Copy every record exactly, and keep the pictures out.
□ □ □ □ □
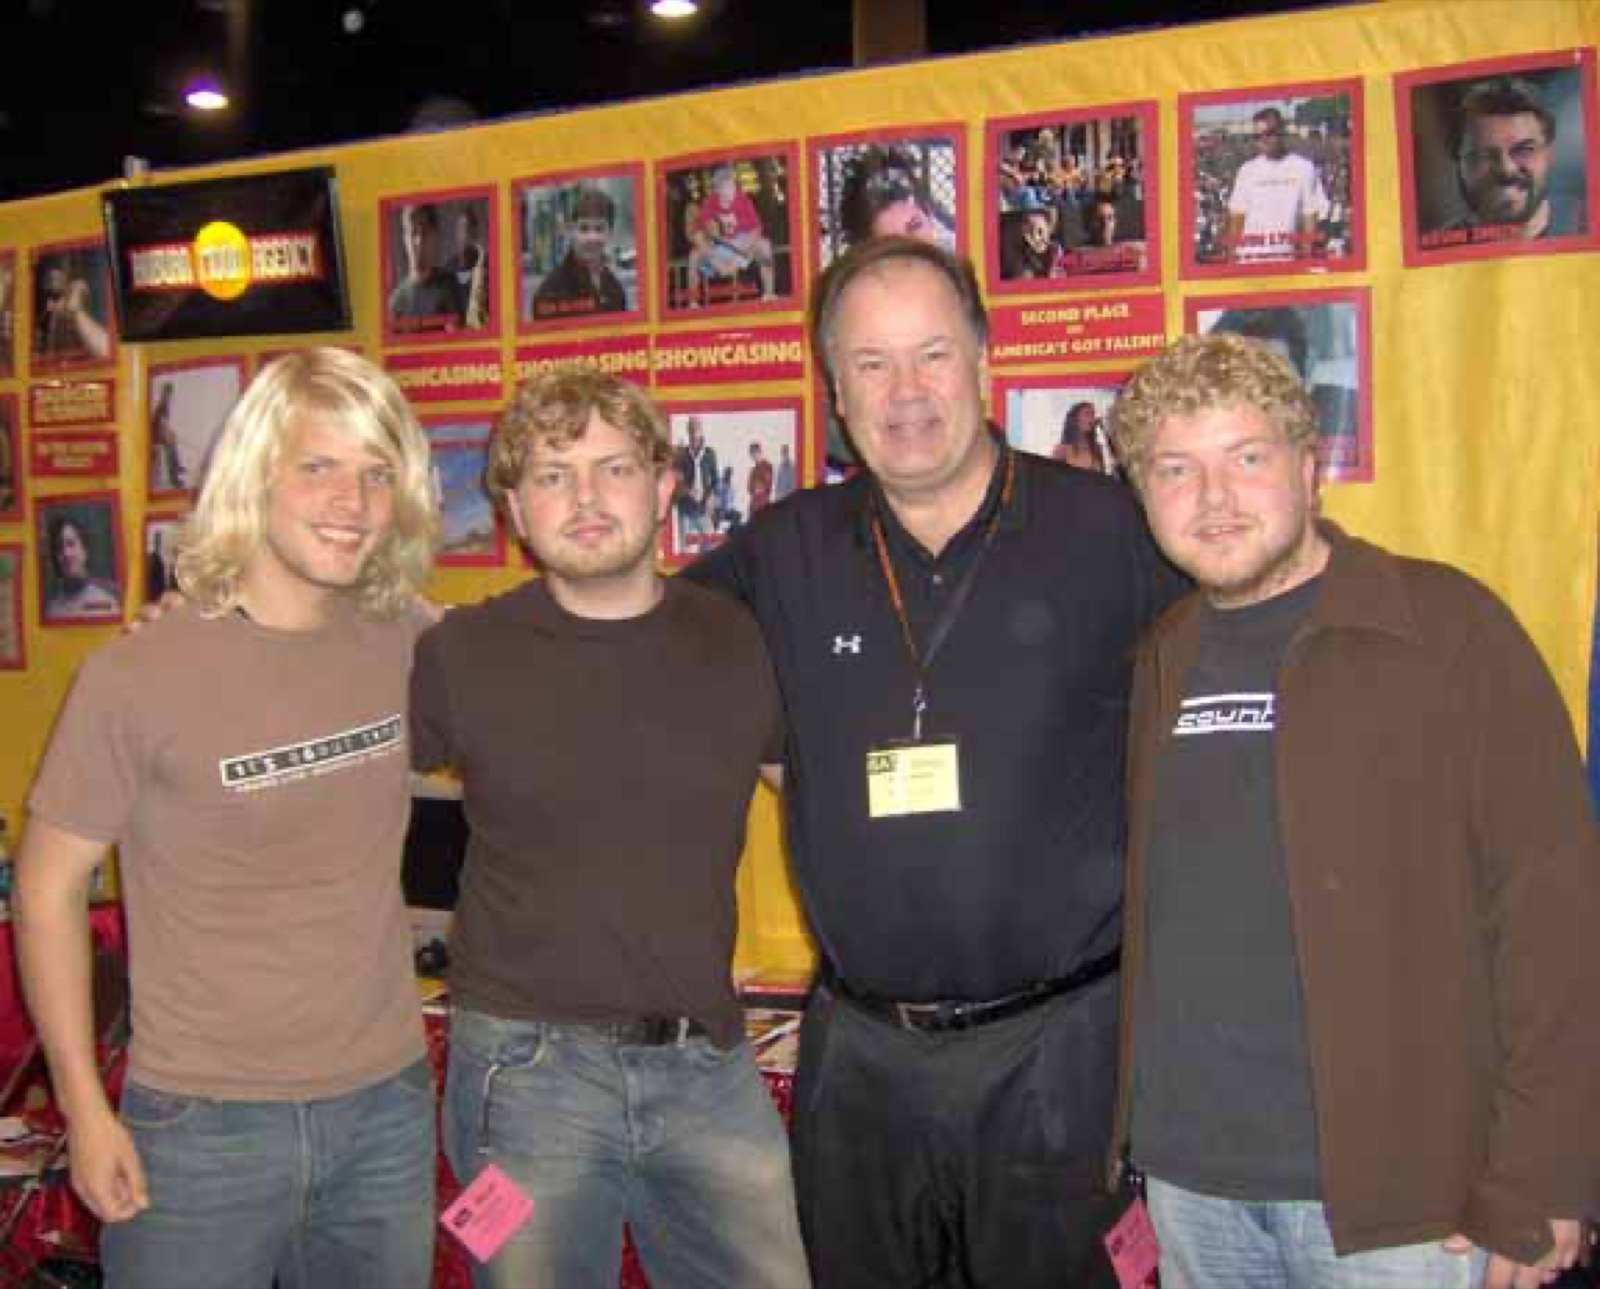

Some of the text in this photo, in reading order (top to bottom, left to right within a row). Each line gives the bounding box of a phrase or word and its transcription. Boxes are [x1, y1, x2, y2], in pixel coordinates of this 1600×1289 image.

[1022, 303, 1129, 325] SECOND PLACE
[655, 341, 801, 370] SHOWCASING
[993, 341, 1068, 358] AMERICA'S
[1072, 337, 1102, 354] GOT
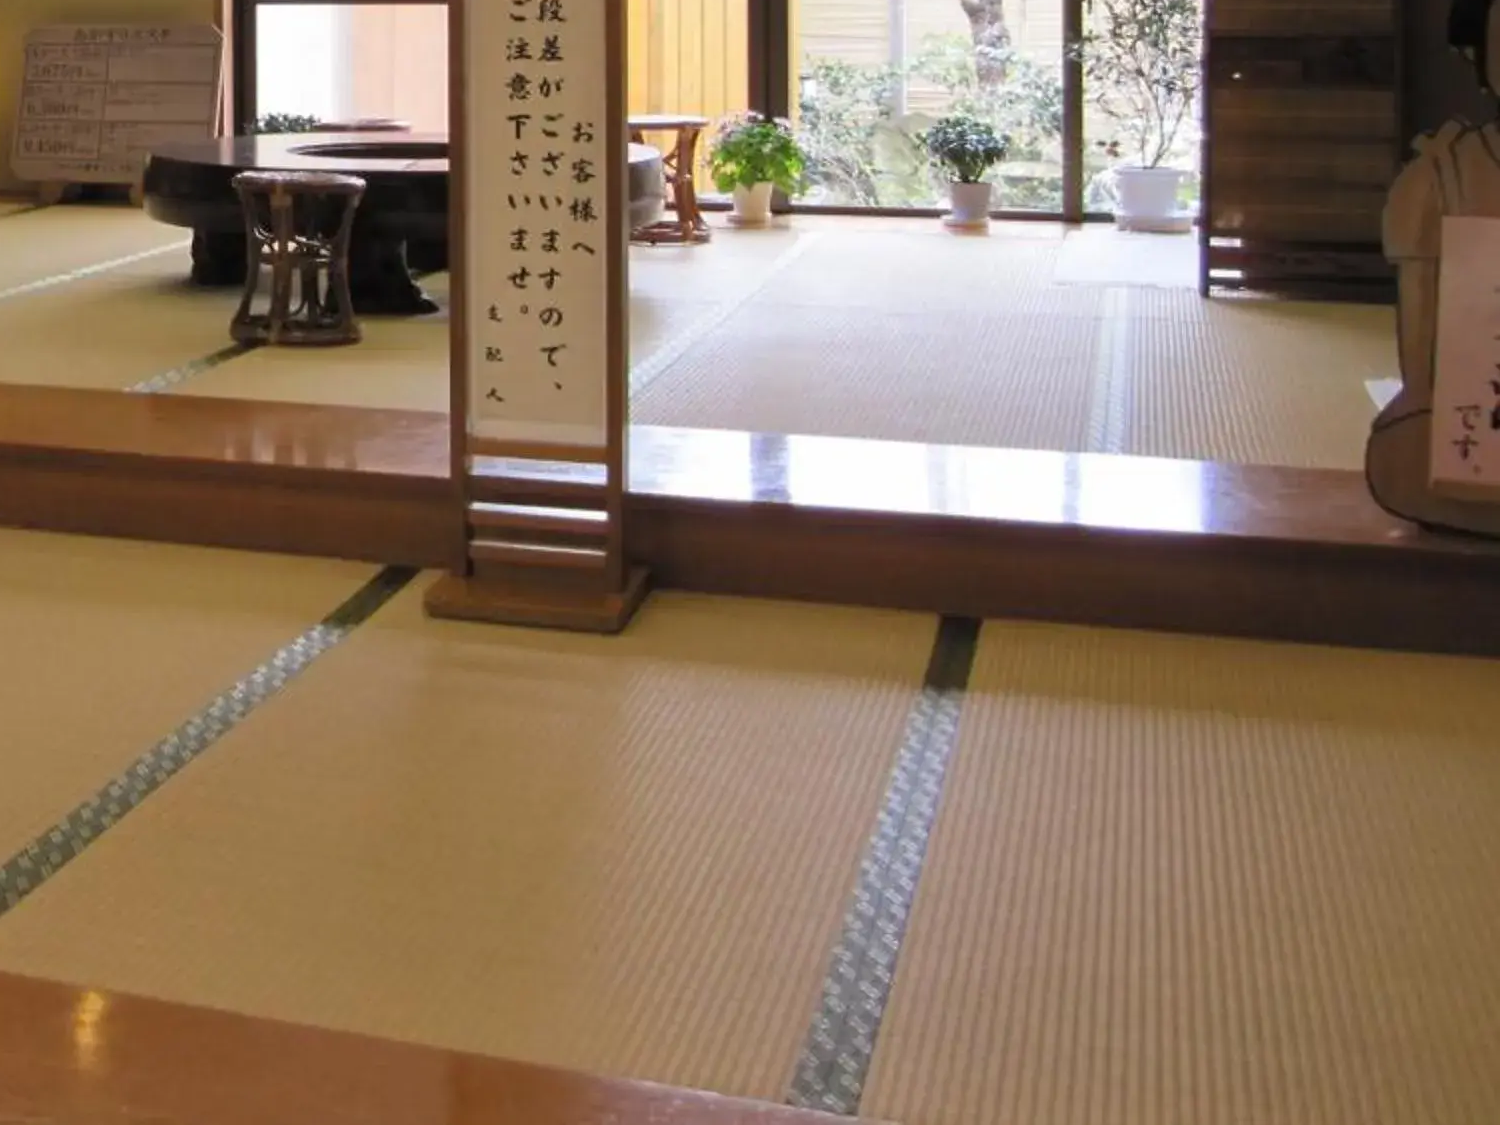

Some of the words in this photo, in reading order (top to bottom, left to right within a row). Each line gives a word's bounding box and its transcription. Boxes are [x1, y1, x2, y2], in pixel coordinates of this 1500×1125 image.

[569, 122, 598, 257] お客様へ
[484, 304, 504, 403] 支配人
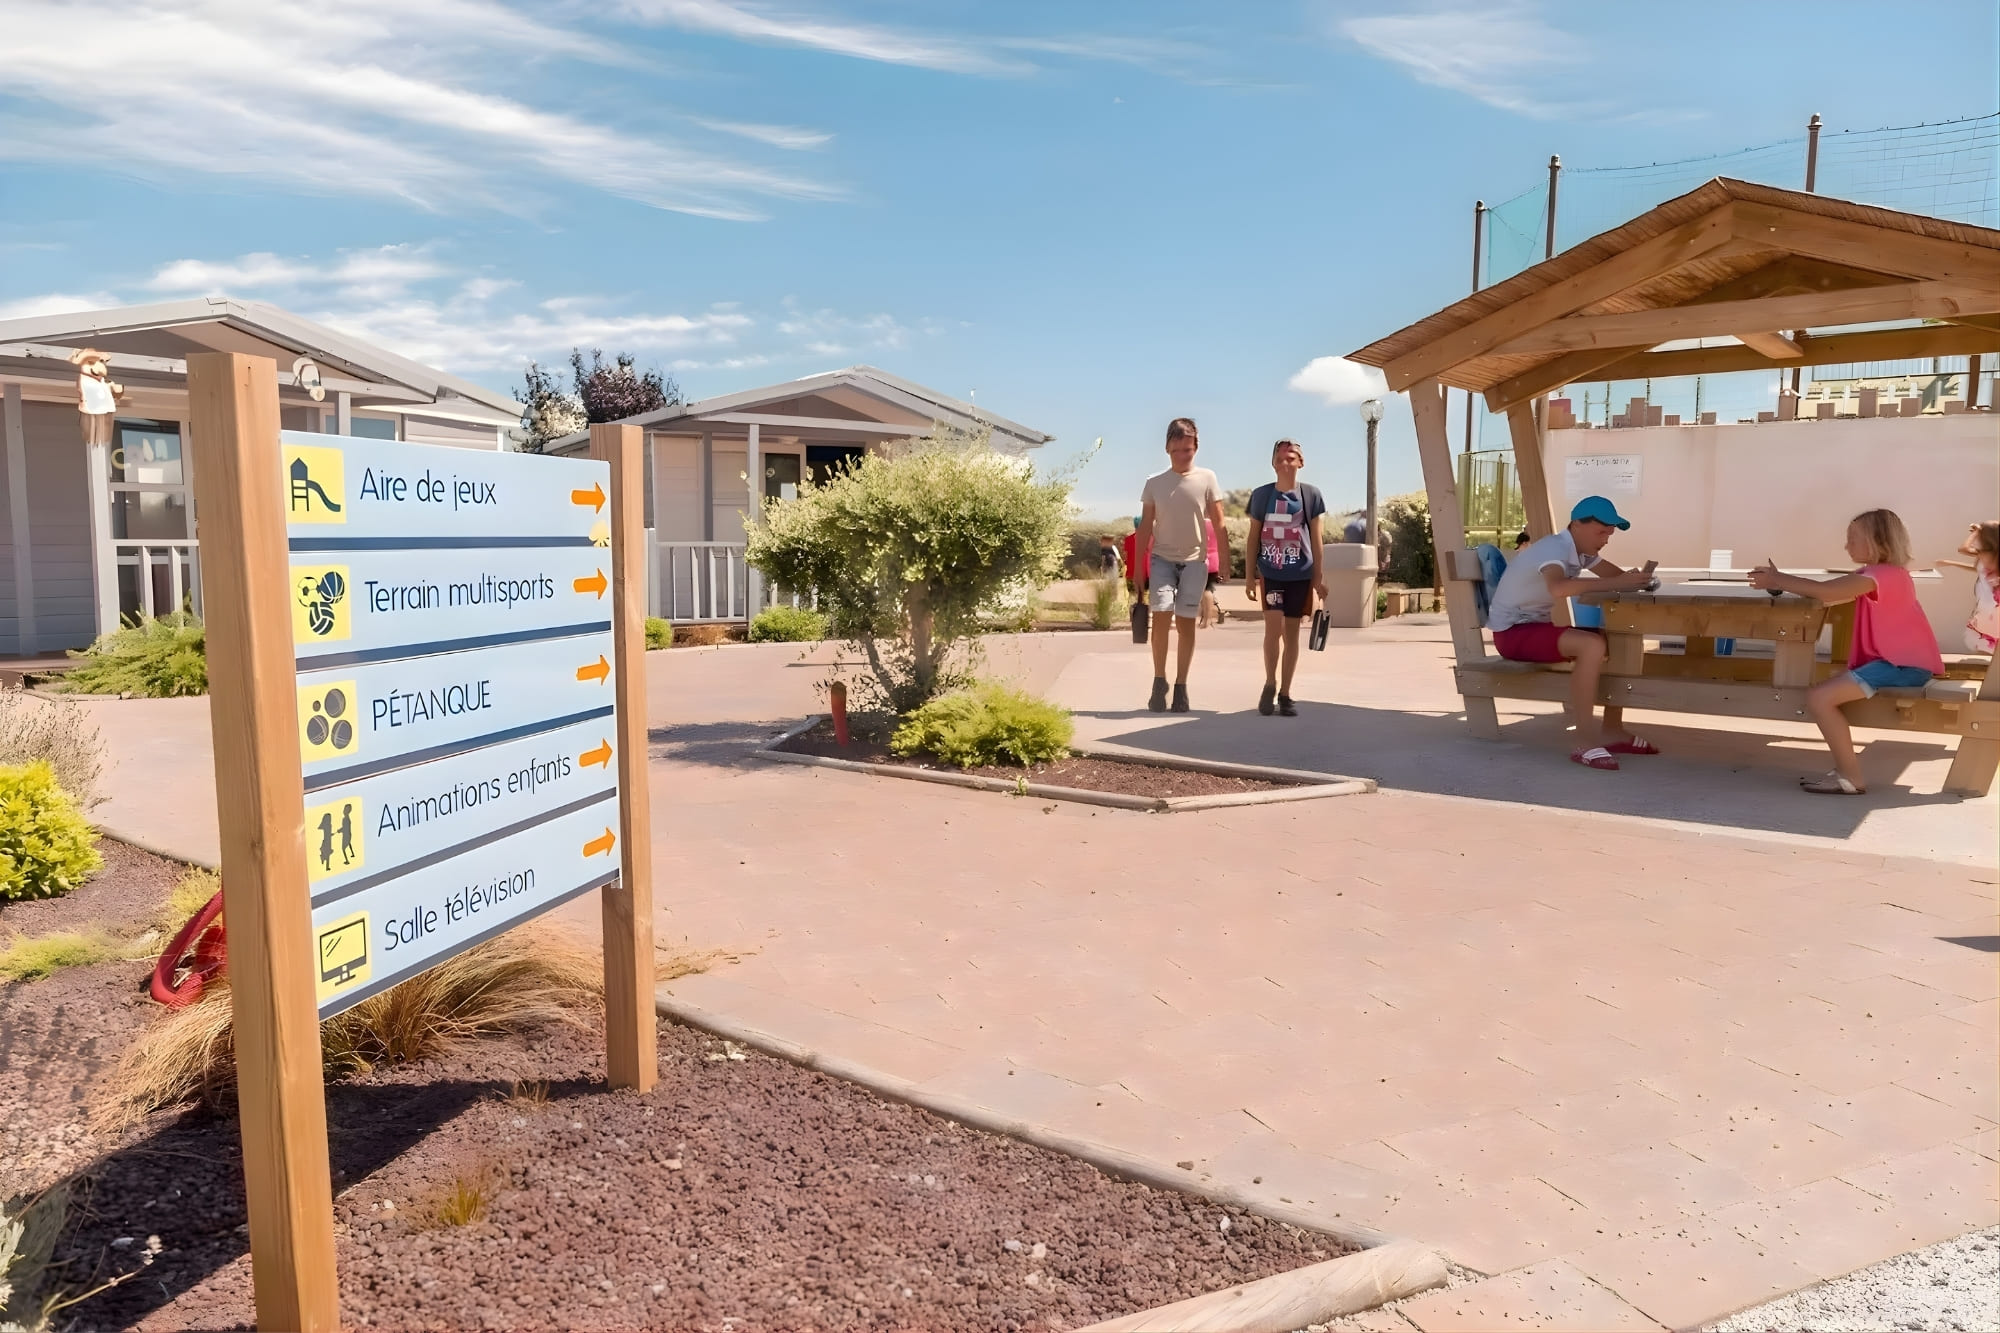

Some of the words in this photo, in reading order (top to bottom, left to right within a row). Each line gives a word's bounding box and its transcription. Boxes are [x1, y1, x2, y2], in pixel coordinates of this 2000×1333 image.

[360, 467, 407, 501] Aire
[416, 470, 445, 503] de
[453, 475, 497, 511] jeux
[364, 579, 440, 613] Terrain
[449, 573, 554, 609] multisports
[372, 680, 492, 731] PÉTANQUE
[378, 777, 501, 837] Animations
[508, 755, 571, 794] enfants
[384, 906, 438, 951] Salle
[444, 868, 535, 925] télévision
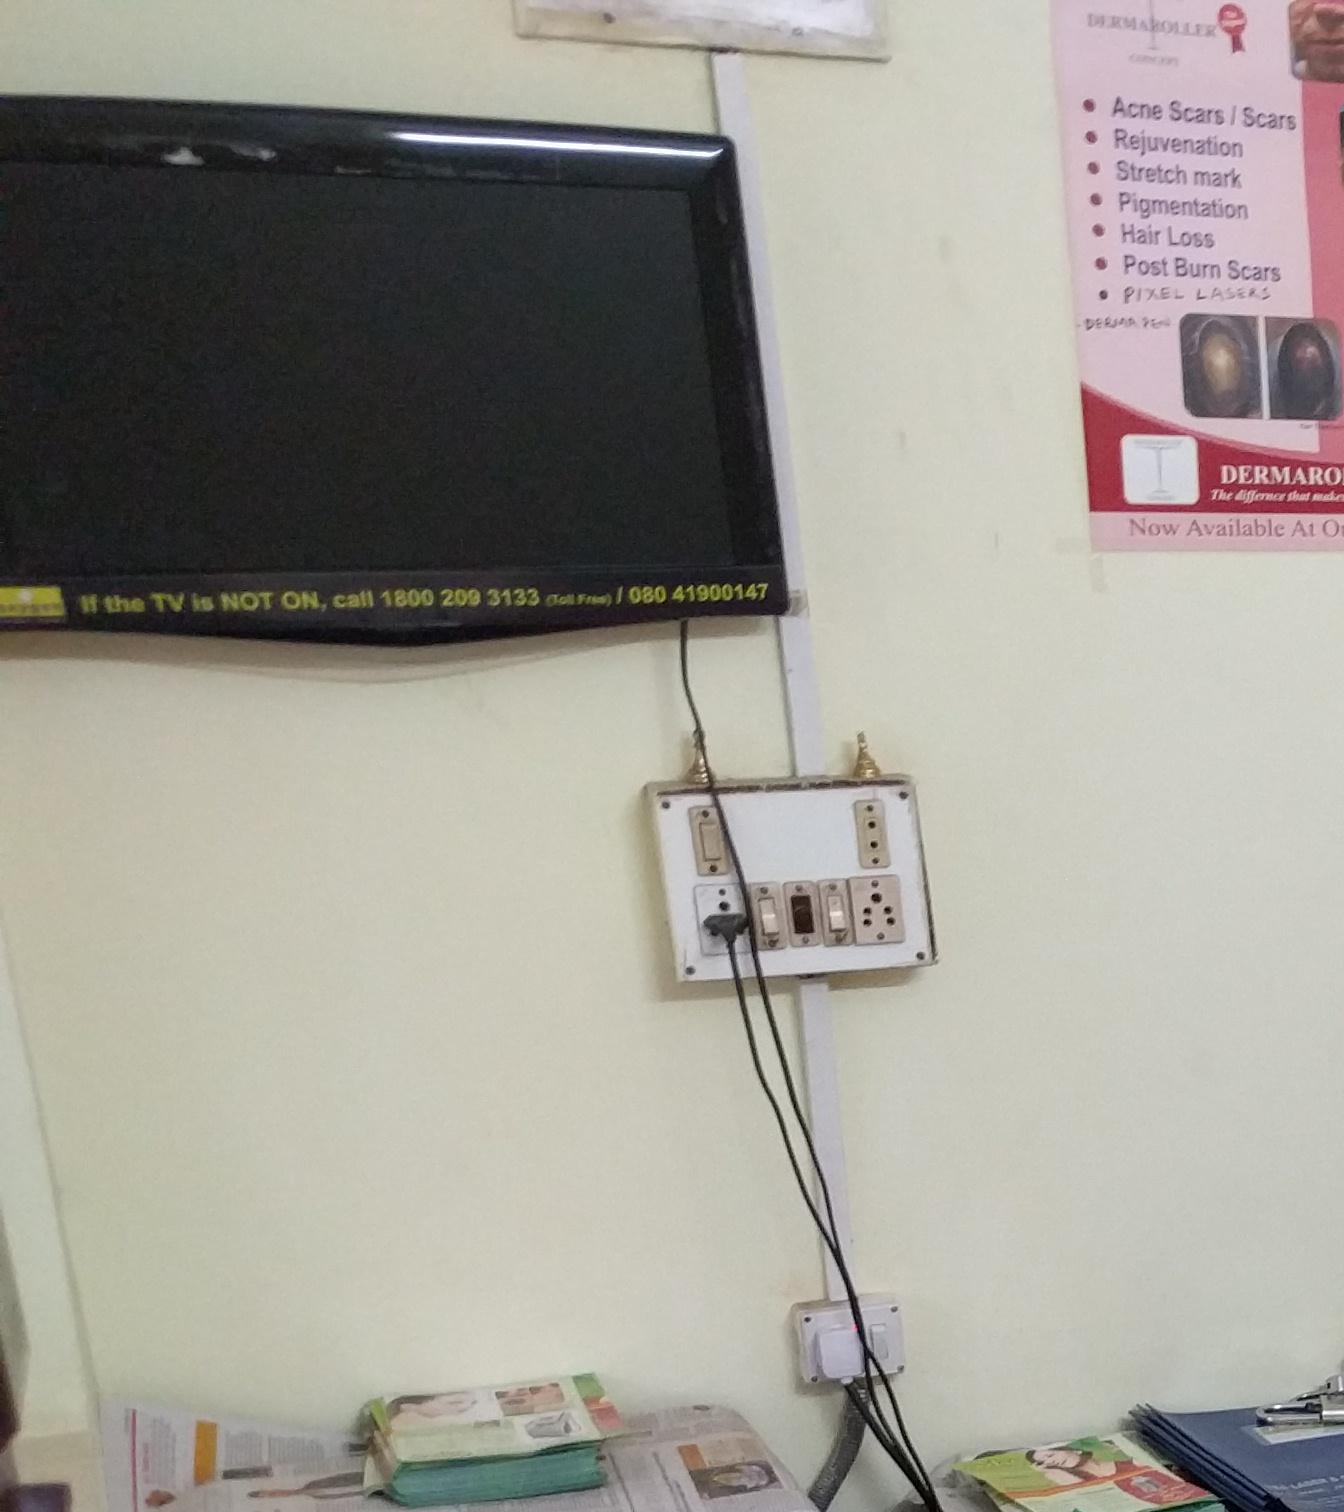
□ □ □ □ □
**TASK OUTPUT:**
Some of the text in this photo, in reading order (top to bottom, left to right within a row). Each line gives the bounding box of a phrase or word and its transcription. Boxes are [x1, y1, x2, y2], in pixel coordinates of this 1600×1289 image.

[1022, 303, 1129, 325] SECOND PLACE
[655, 341, 801, 370] SHOWCASING
[993, 341, 1068, 358] AMERICA'S
[1072, 337, 1102, 354] GOT

Some of the words in this photo, in reading order (top to bottom, left to right within a row). Each line gives a word's bounding box and its transcription. Boxes are [x1, y1, x2, y2], in pixel coordinates of this 1500×1125 image.

[569, 122, 598, 257] お客様へ
[484, 304, 504, 403] 支配人

Some of the words in this photo, in reading order (top to bottom, left to right within a row). Each line gives a word's bounding box and its transcription. Boxes are [x1, y1, x2, y2], in pixel coordinates of this 2000×1333 image.

[360, 467, 407, 501] Aire
[416, 470, 445, 503] de
[453, 475, 497, 511] jeux
[364, 579, 440, 613] Terrain
[449, 573, 554, 609] multisports
[372, 680, 492, 731] PÉTANQUE
[378, 777, 501, 837] Animations
[508, 755, 571, 794] enfants
[384, 906, 438, 951] Salle
[444, 868, 535, 925] télévision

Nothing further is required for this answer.